Five tech firms backed by Thrive Capital — whose 35year-old Harvard-educated founder, Joshua Kushner, is married to supermodel Karlie Kloss, and who runs the firm out of the landmark Puck Building in Soho — have snagged at least $2.8 million from the Trump administra­tion’s Paycheck Protection Program, federal data show.

Among them are payments processor Dwolla, which has raised more than $51 million in private funding, including a $16.5 million round that Thrive backed in 2013; and Welkin Health, a software startup that’s received $29 million from private investors, including $1.5 million in seed funding and two other investment­s from Thrive. Dwolla and Welkin each snagged loans worth between $1 million and $2 million in April, according to federal records.

That’s despite the fact that Thrive — whose other investment­s include Oscar Health, ClassPass, Instacart and Robinhood — strongly warned against taking PPP funds in an April 7 e-mail to portfolio companies that asked for advice about the loans.

Among other concerns, Thrive executives warned that well-heeled startups could crowd out mom-andpop businesses in danger of folding during the pandemic.

“The PPP loans are intended, first and foremost, for the smallest, most vulnerable businesses in our communitie­s — the corner deli, bakery, or dry cleaner that has had to or will soon lay off its entire workforce and is on the precipice of going out of business entirely,” Thrive wrote in the e-mail obtained by The Post. “These loans are less obviously for the startup with a host of institutio­nal investors and several years of cash in the bank, looking to extend runway.”

Thrive executives likewise warned in the letter about “a potential backlash against those venturebac­ked companies who are genuinely struggling . . . Indeed, we are already seeing hints of this backlash in recent media reports.”

Three days earlier, a partner at Union Square Ventures had published a blog post advising venturebac­ked firms “with a lot of money in the bank and limited COVID19 impact to think twice about applying for PPP.”

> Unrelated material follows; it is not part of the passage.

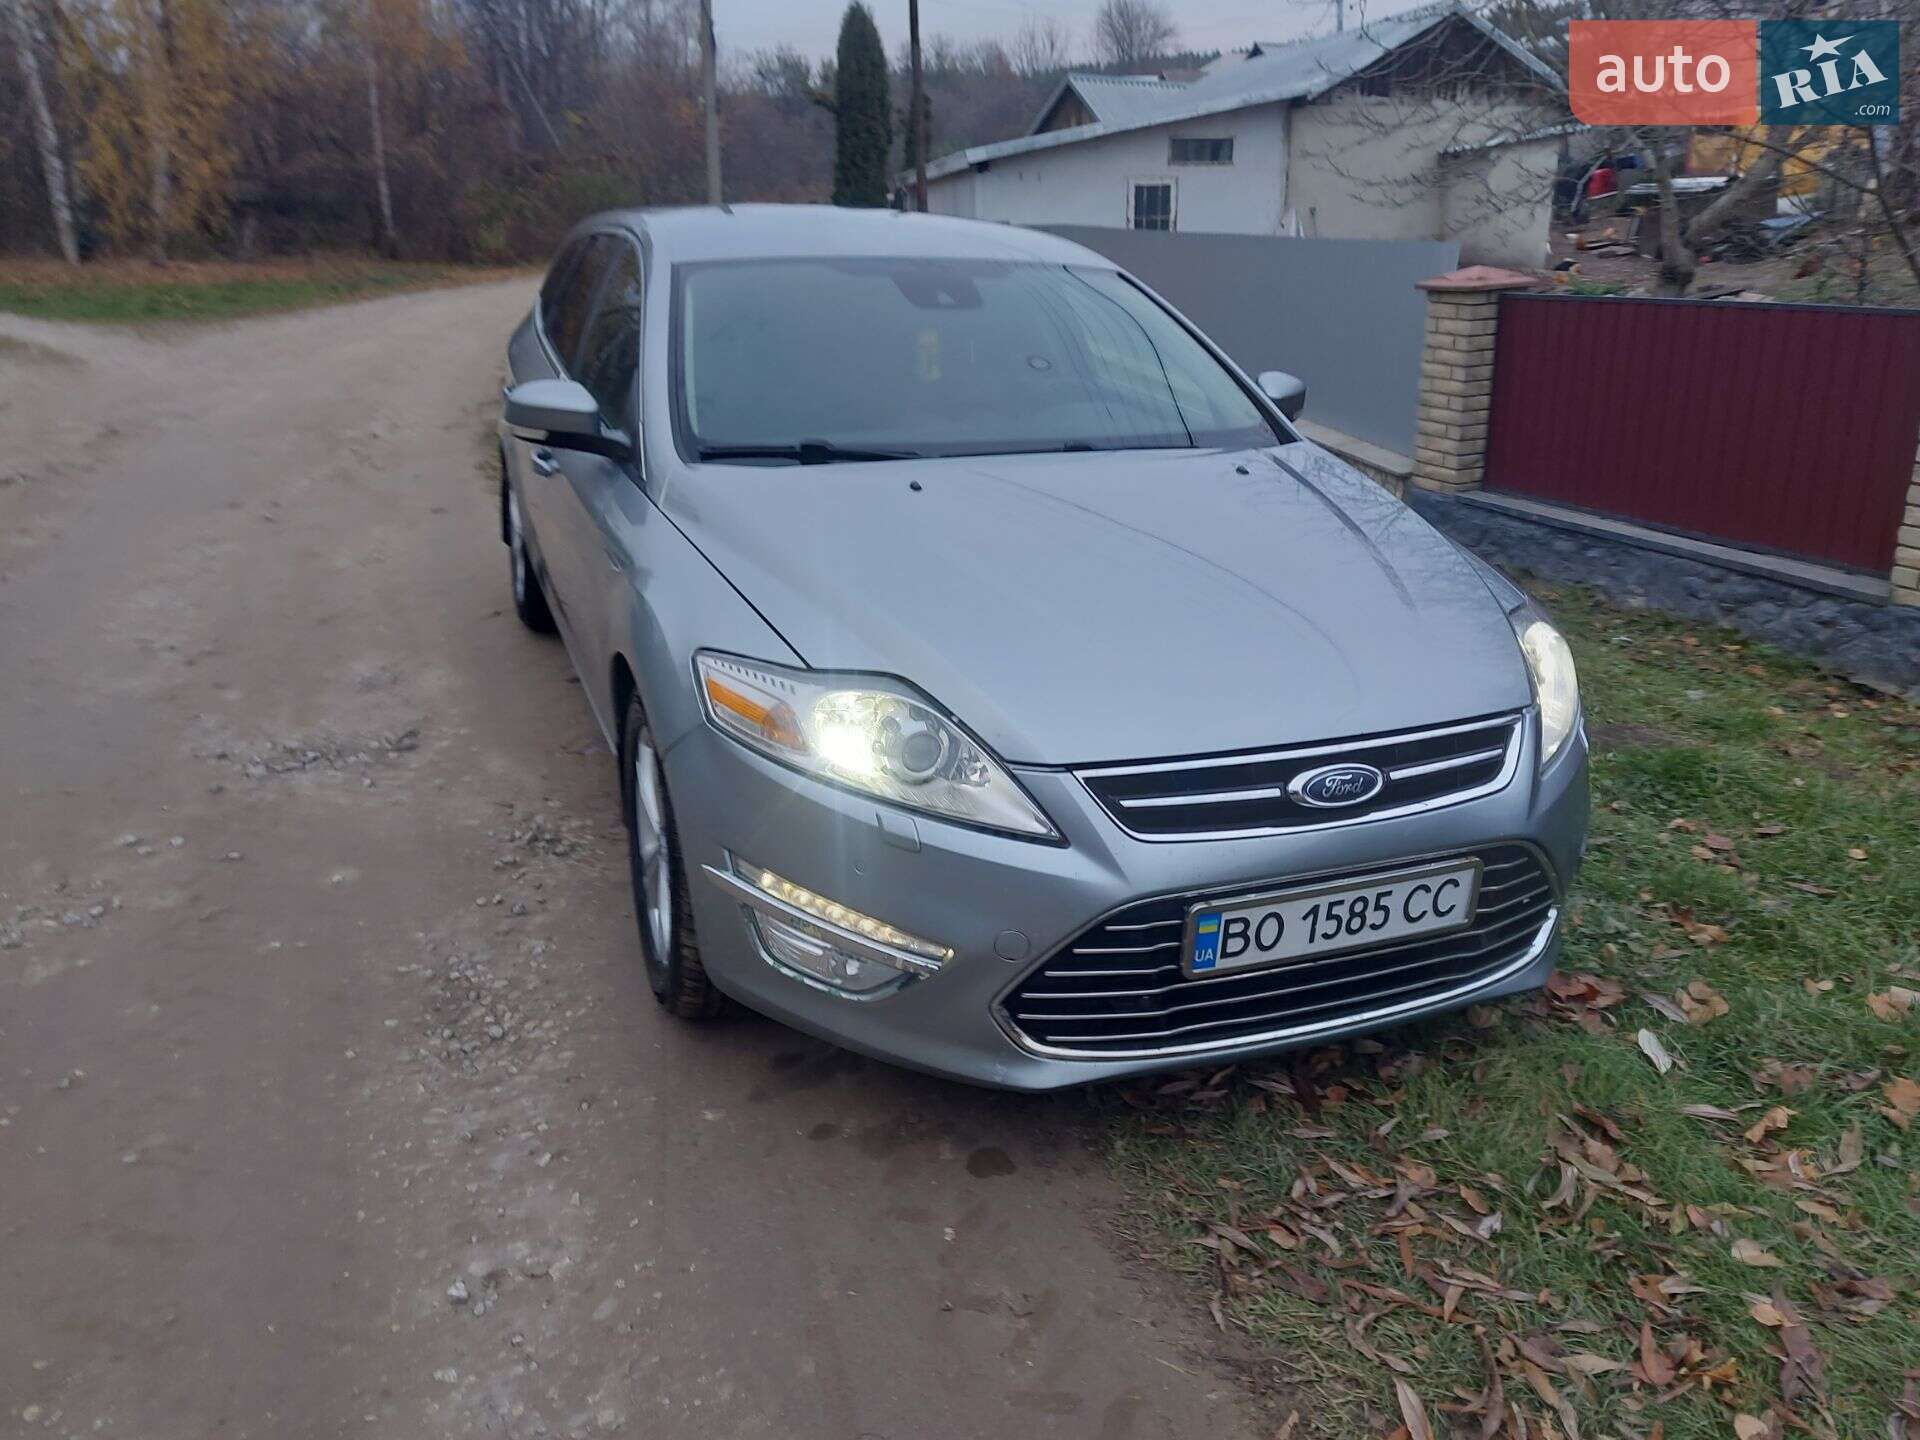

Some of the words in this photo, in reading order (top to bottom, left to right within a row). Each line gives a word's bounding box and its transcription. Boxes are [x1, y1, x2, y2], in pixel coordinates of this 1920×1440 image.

A source close to Thrive said companies that took PPP money represent less than 1 percent of the firm’s investment­s so far.

“We stand by the opinion we gave to our portfolio companies who reached out that PPP loans were intended first and foremost for the smallest, most vulnerable businesses in our communitie­s,” Thrive spokesman Jesse Derris told The Post.

Dwolla, however, never got Thrive’s letter because it never asked for the firm’s advice on PPP to begin with, according to Thrive. Ditto for Imbellus, a standardiz­ed-test developer that won at least $350,000; and Long Game Savings, a personal-finance app that was approved for at least $150,000, federal data show.

Dwolla and Imbellus didn’t respond to requests for comment. But San Francisco-based Long Game confirmed it did not consult Thrive on its loan applicatio­n because the fund does not sit on its board.

Welkin Health, meanwhile, was among the recipients of Thrive’s letter. It neverthele­ss cashed in on its $1 million-plus PPP loan a few weeks later in late April. Thrive said it also warned Morty, an online mortgage marketplac­e that got Thrive funding in 2017 and 2019 but went on to grab a PPP loan worth $350,000 to $1 million, according to Small Business Administra­tion data.

Welkin didn’t respond to a request for comment. But Morty said it “carefully reviewed” the program’s guidelines and intent before applying for the money. The loan “allowed us to continue providing home ownership solutions to Americans during this challengin­g time,” a Morty spokespers­on told The Post.

Critics say the feds made it too easy for venturebac­ked firms to take advantage of a $659 billion relief program that failed to reach many Main Street merchants.

“The program wasn’t there to benefit entities that had access to other capital,” Liz Hempowicz, director of public policy at the nonpartisa­n Project on Government Oversight, told The Post. “The well-banked, the well-lawyered and the politicall­y well-connected did benefit from this program in a way that absolutely undermined the effectiven­ess of this program for those smaller businesses.”